GREENWICH, Conn. – Greenwich residents are hoping to honor Sal Strazza, a baseball coach who died last year, by asking the town to rename the Byram School Baseball Field after him.

For 30 years, Strazza worked to build and maintain the town’s youth baseball program. He died at the age of 60 on April 1 after a long battle with cancer at his home in Holly Springs, N.C.

Clay Miles, one of the many kids Strazza coached, wrote to Strazza before he died. Miles told Strazza that he went to college, became a U.S. Marine for nine years, works as a civilian in the intelligence field in Afghanistan, is married with four kids and is a professional stand-up comedian on the side. “Why should he know all this? Well, he needs to know I could have been half the person I am today without his guidance when I was young,” wrote Miles.

More than 700 residents and former players living all over the country signed a petition to rename the field. The measure goes before the Board of Selectmen on Thursday.

“His selfless enthusiastic, caring and energetic demeanor created a positive environment for players and parents alike,” Rob Spaeth, president of the George M. Weiss Sr. Babe Ruth League, said in a Sept. 9 letter to the town.

If approved by the Board of Selectmen at its March 15 meeting, the proposal would go to the Representative Town Meeting's agenda for April.

Mike Bocchino, chairman of the Byram Neighborhood Association , said the idea was planted at Strazza’s funeral, as he and other residents and former baseball players were reminiscing. Bocchino brought it forward to the association to rename Byram School Baseball Field after Strazza.

During the mid 1970s, Greenwich had no organized baseball leagues during the spring and summer. Strazza and George Zacanini found funding to create a league through the National Babe Ruth Organization. In 1978, Strazza put up his own money and found sponsorship from local businesses so all kids could play without any financial burden.

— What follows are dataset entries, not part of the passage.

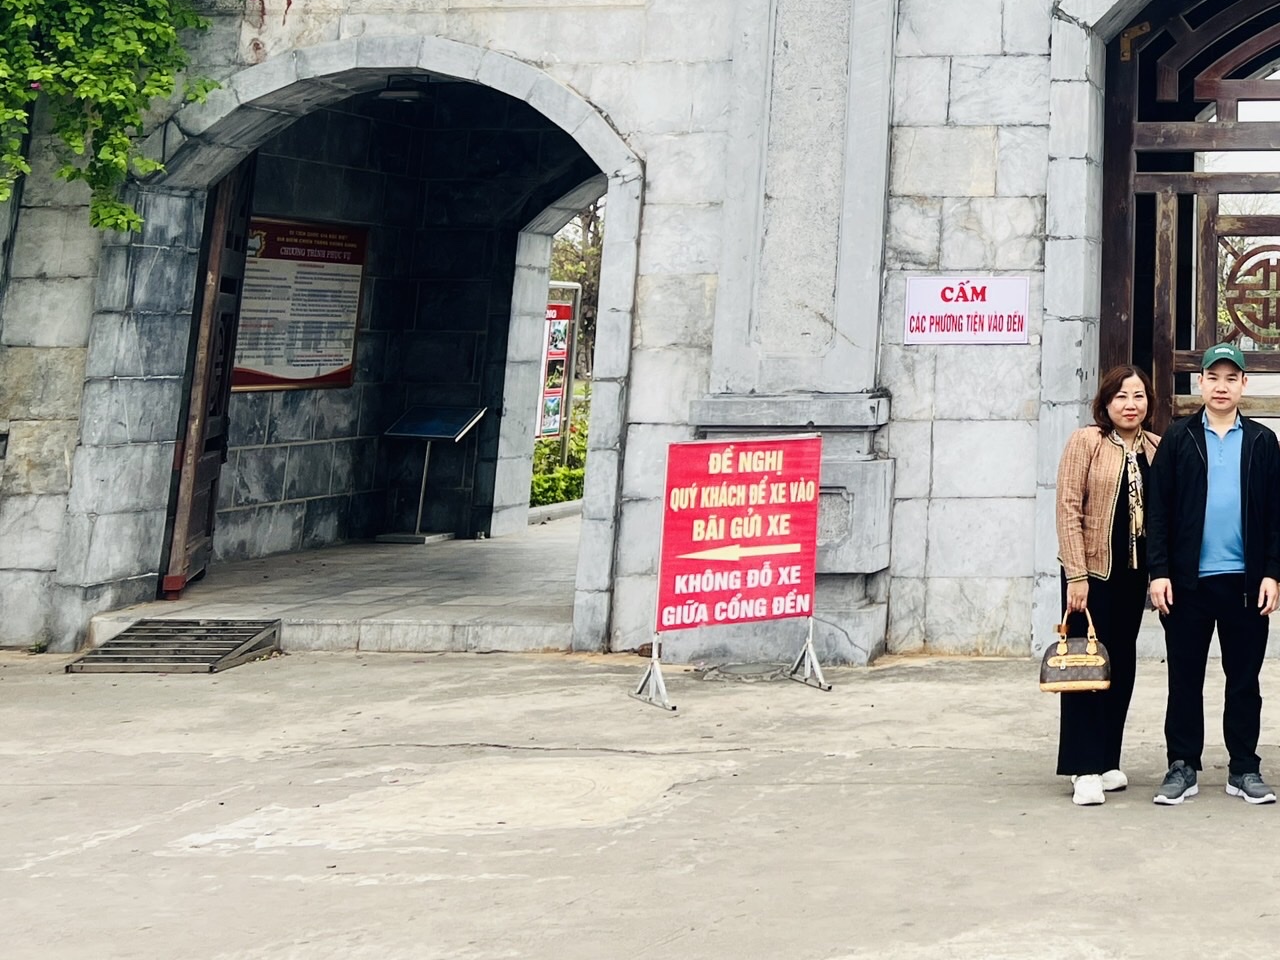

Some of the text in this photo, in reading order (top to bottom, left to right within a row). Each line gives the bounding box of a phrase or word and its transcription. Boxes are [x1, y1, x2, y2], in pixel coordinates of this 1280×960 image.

[940, 280, 987, 303] CẤM
[909, 312, 927, 333] CÁC
[929, 313, 963, 333] PHƯƠNG
[966, 311, 984, 335] TIỆN
[987, 311, 1004, 333] VÀO
[708, 445, 784, 476] ĐỀ NGHỊ
[670, 475, 815, 512] QUÝ KHÁCH ĐỂ XE VÀO
[692, 508, 791, 542] BÃI GỬI XE
[674, 561, 801, 595] KHÔNG ĐỖ XE
[662, 599, 709, 626] GIỮA
[714, 593, 767, 622] CỔNG
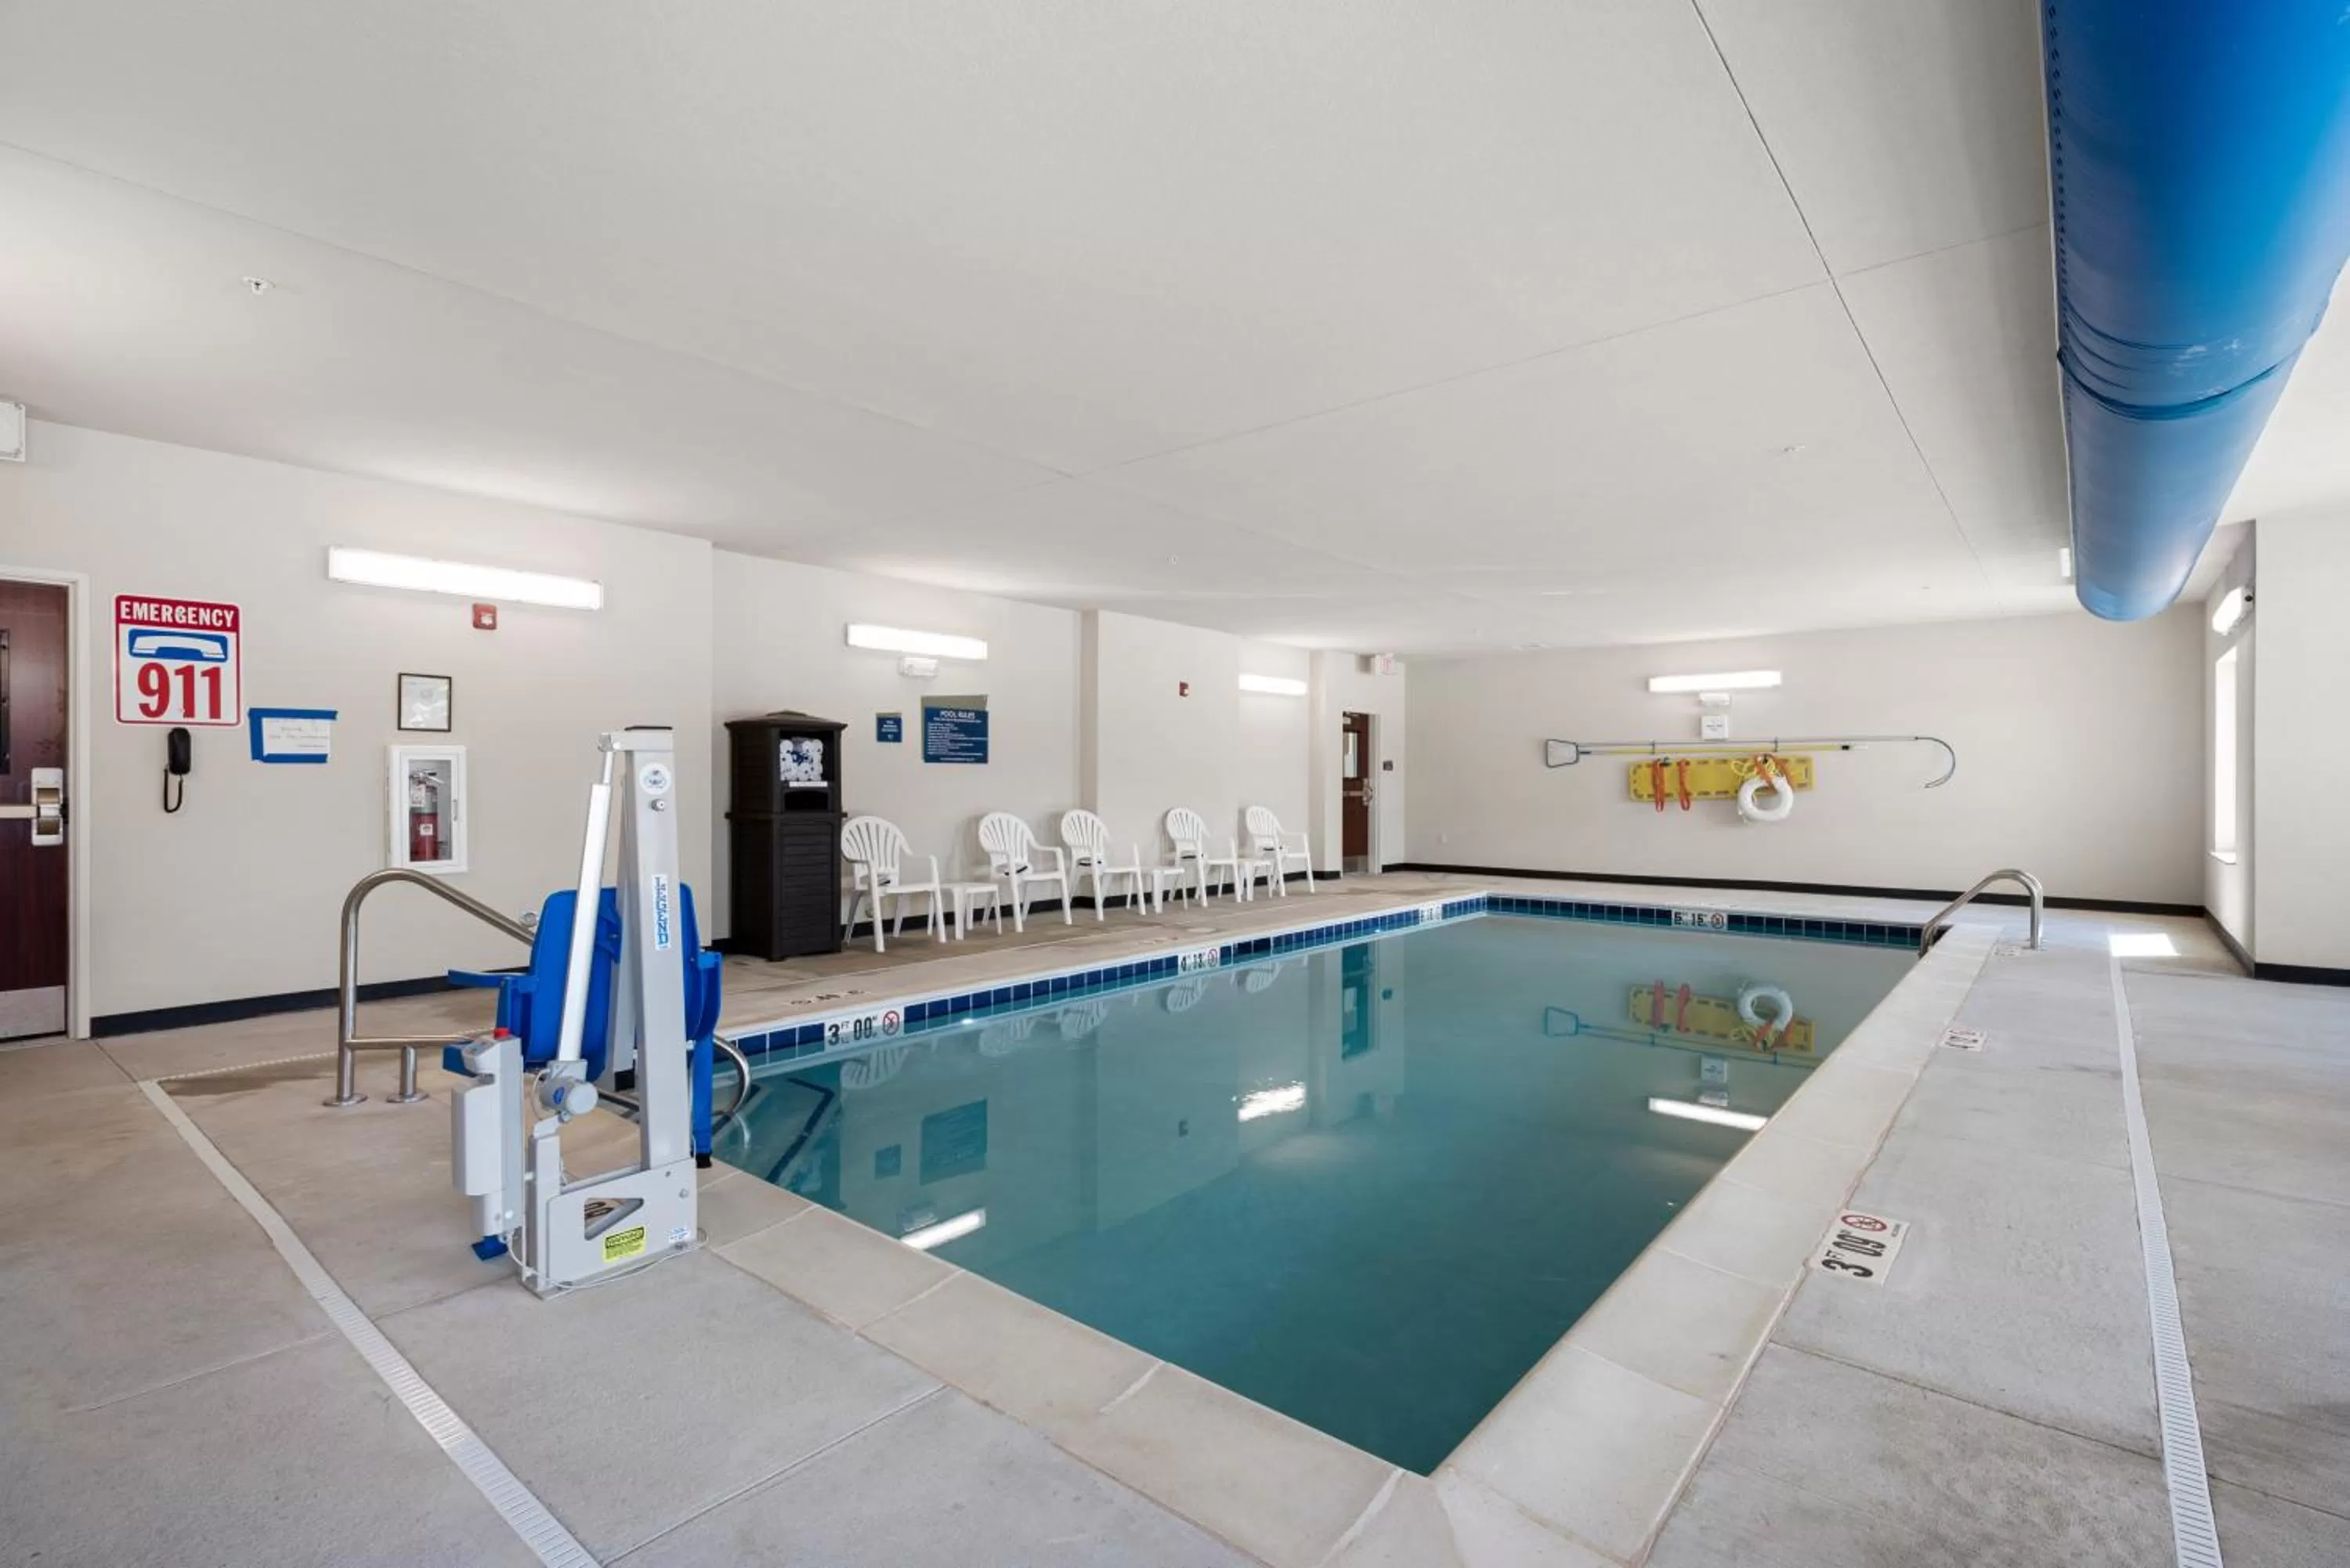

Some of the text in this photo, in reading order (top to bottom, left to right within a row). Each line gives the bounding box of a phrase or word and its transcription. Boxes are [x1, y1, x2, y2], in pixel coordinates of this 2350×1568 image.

[120, 601, 234, 627] EMERGENCY
[137, 662, 221, 720] 911
[828, 1023, 841, 1046] 3
[1821, 1259, 1874, 1278] 3
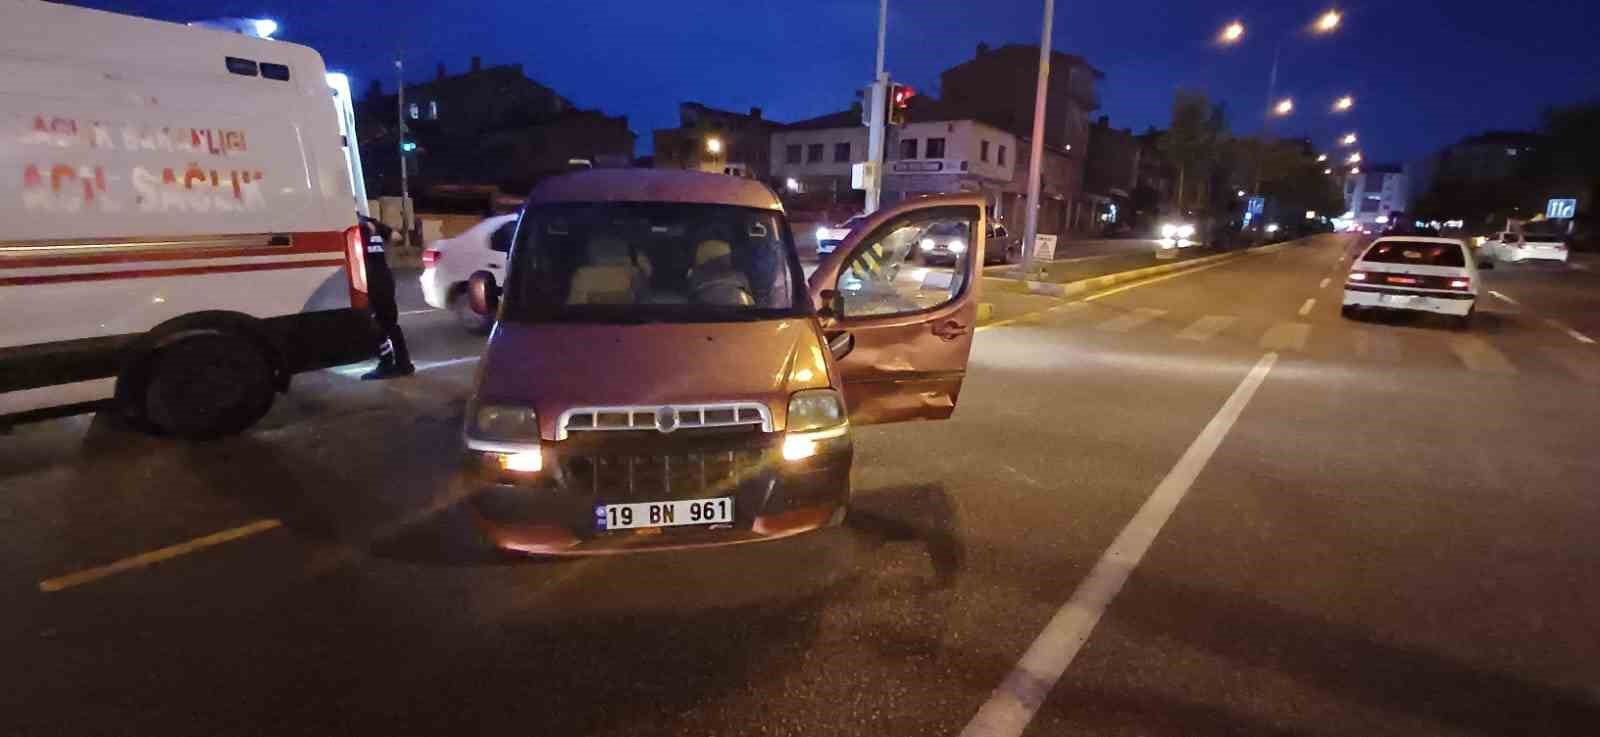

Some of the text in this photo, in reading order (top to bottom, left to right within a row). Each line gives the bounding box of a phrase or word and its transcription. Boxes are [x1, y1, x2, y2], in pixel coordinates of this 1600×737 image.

When he petitioned the town for a fall baseball league and lost, Strazza transported kids to Eastchester, N.Y., to have a chance to play.

He provided housing in his own home for visiting teams during state-sanctioned baseball tournaments hosted by the town. He began running Jimmy Fund charity tournaments in Greenwich in the late 1980s and continued for 10 years, raising money for children with cancer.

Strazza was also responsible for improvements such as fencing, dugouts, a sprinkler system and a new electronic scoreboard at the field. He also cut the grass on the Byram School field during baseball season.

State Rep. Fred Camillo, a Republican, coached teams that played against Strazza’s squads and umpired games in which he was involved. “He was a character of the game, and the town, in the very best sense,” Camillo wrote in a September letter to the town. “I often marveled at the time he spent on ballfields, time that he could have reserved for himself. To Sal, it was no big deal because that was really where he wanted to be, anyway, even despite his love for golf.”

For 30 years, Strazza also served the community as a local mechanic and became custodian of the New Lebanon School in Byram.